> **Work instructions**
Give every line of the material back exactly, images removed.
** Source information follows **
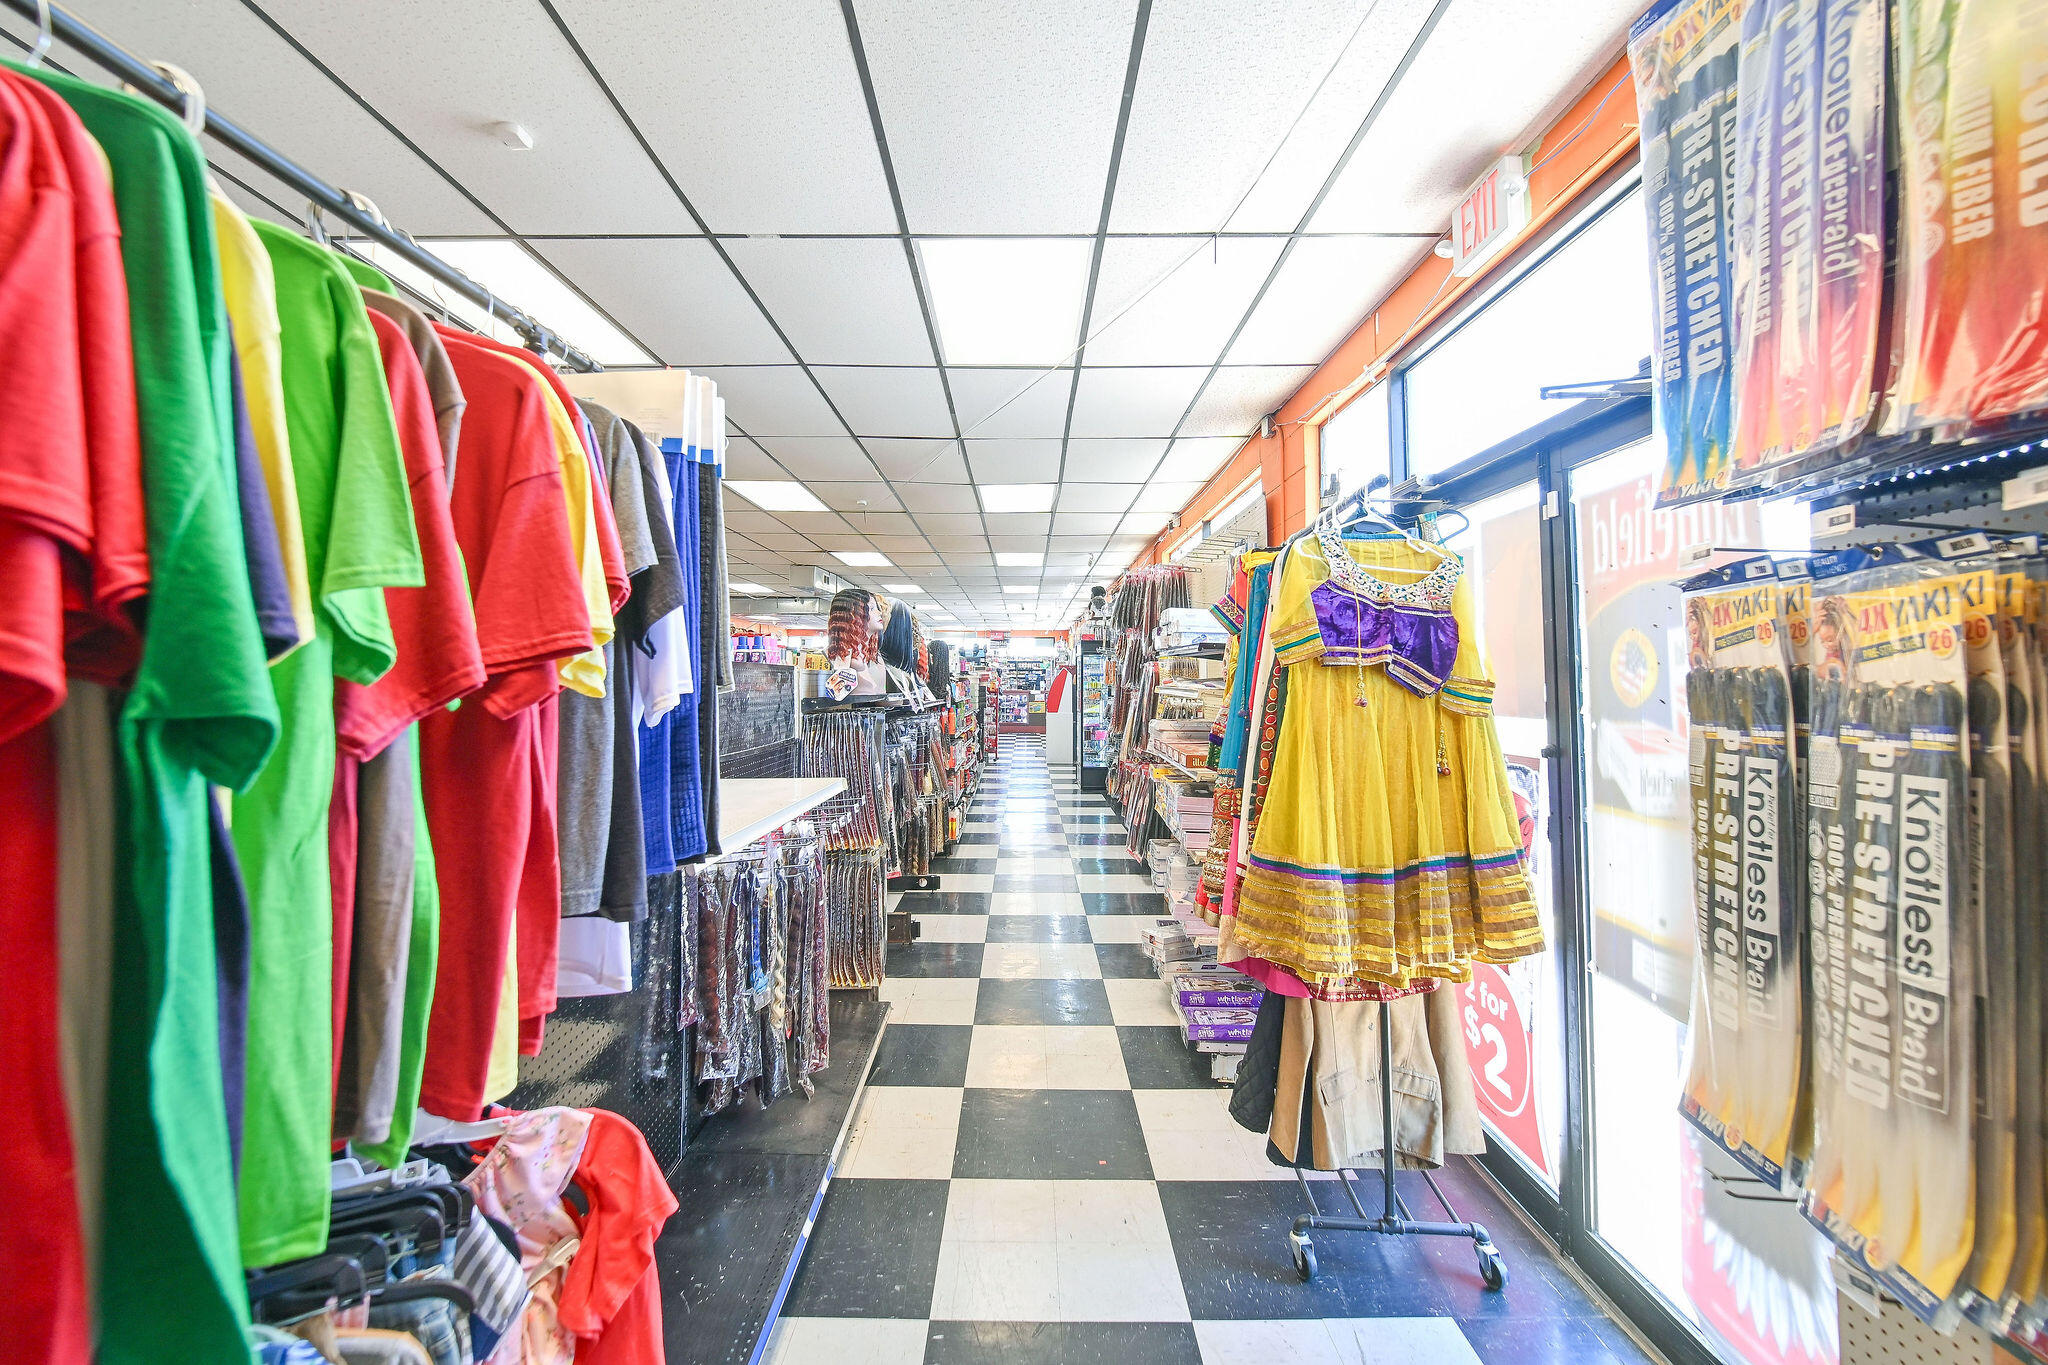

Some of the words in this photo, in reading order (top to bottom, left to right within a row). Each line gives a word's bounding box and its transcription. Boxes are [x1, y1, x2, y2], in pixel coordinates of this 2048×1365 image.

[1460, 168, 1499, 259] EXIT
[1658, 193, 1676, 245] 100%
[1951, 156, 1995, 246] FIBER
[1680, 104, 1724, 376] PRE-STRETCHED
[1732, 587, 1770, 622] YAKI
[1785, 587, 1805, 615] KI
[1889, 585, 1951, 628] YAKI
[1959, 576, 1985, 607] KI
[1757, 621, 1772, 641] 26
[1789, 621, 1807, 640] 26
[1928, 628, 1953, 652] 26
[1964, 618, 1988, 641] 26
[1192, 757, 1207, 767] illu
[1696, 798, 1710, 850] 100%
[1767, 794, 1777, 827] Perfect
[1747, 766, 1774, 924] Knotless
[1826, 823, 1846, 887] 100%
[1712, 727, 1740, 1032] PRE-STRETCHED
[1904, 788, 1943, 979] Knotless
[1826, 891, 1848, 1009] PREMIUM
[1846, 740, 1895, 1110] PRE-STRETCHED
[1479, 980, 1509, 1022] for
[1745, 934, 1777, 1023] Braid
[1464, 1004, 1513, 1101] $2
[1898, 991, 1942, 1102] Braid
** End of Source information **
> **Task response**
Some of the words in this photo, in reading order (top to bottom, left to right within a row). Each line gives a word's bounding box and its transcription. Boxes are [x1, y1, x2, y2], in pixel coordinates of this 2048×1365 image.

[1460, 168, 1499, 259] EXIT
[1658, 193, 1676, 245] 100%
[1951, 156, 1995, 246] FIBER
[1680, 104, 1724, 376] PRE-STRETCHED
[1732, 587, 1770, 622] YAKI
[1785, 587, 1805, 615] KI
[1889, 585, 1951, 628] YAKI
[1959, 576, 1985, 607] KI
[1757, 621, 1772, 641] 26
[1789, 621, 1807, 640] 26
[1928, 628, 1953, 652] 26
[1964, 618, 1988, 641] 26
[1192, 757, 1207, 767] illu
[1696, 798, 1710, 850] 100%
[1767, 794, 1777, 827] Perfect
[1747, 766, 1774, 924] Knotless
[1826, 823, 1846, 887] 100%
[1712, 727, 1740, 1032] PRE-STRETCHED
[1904, 788, 1943, 979] Knotless
[1826, 891, 1848, 1009] PREMIUM
[1846, 740, 1895, 1110] PRE-STRETCHED
[1479, 980, 1509, 1022] for
[1745, 934, 1777, 1023] Braid
[1464, 1004, 1513, 1101] $2
[1898, 991, 1942, 1102] Braid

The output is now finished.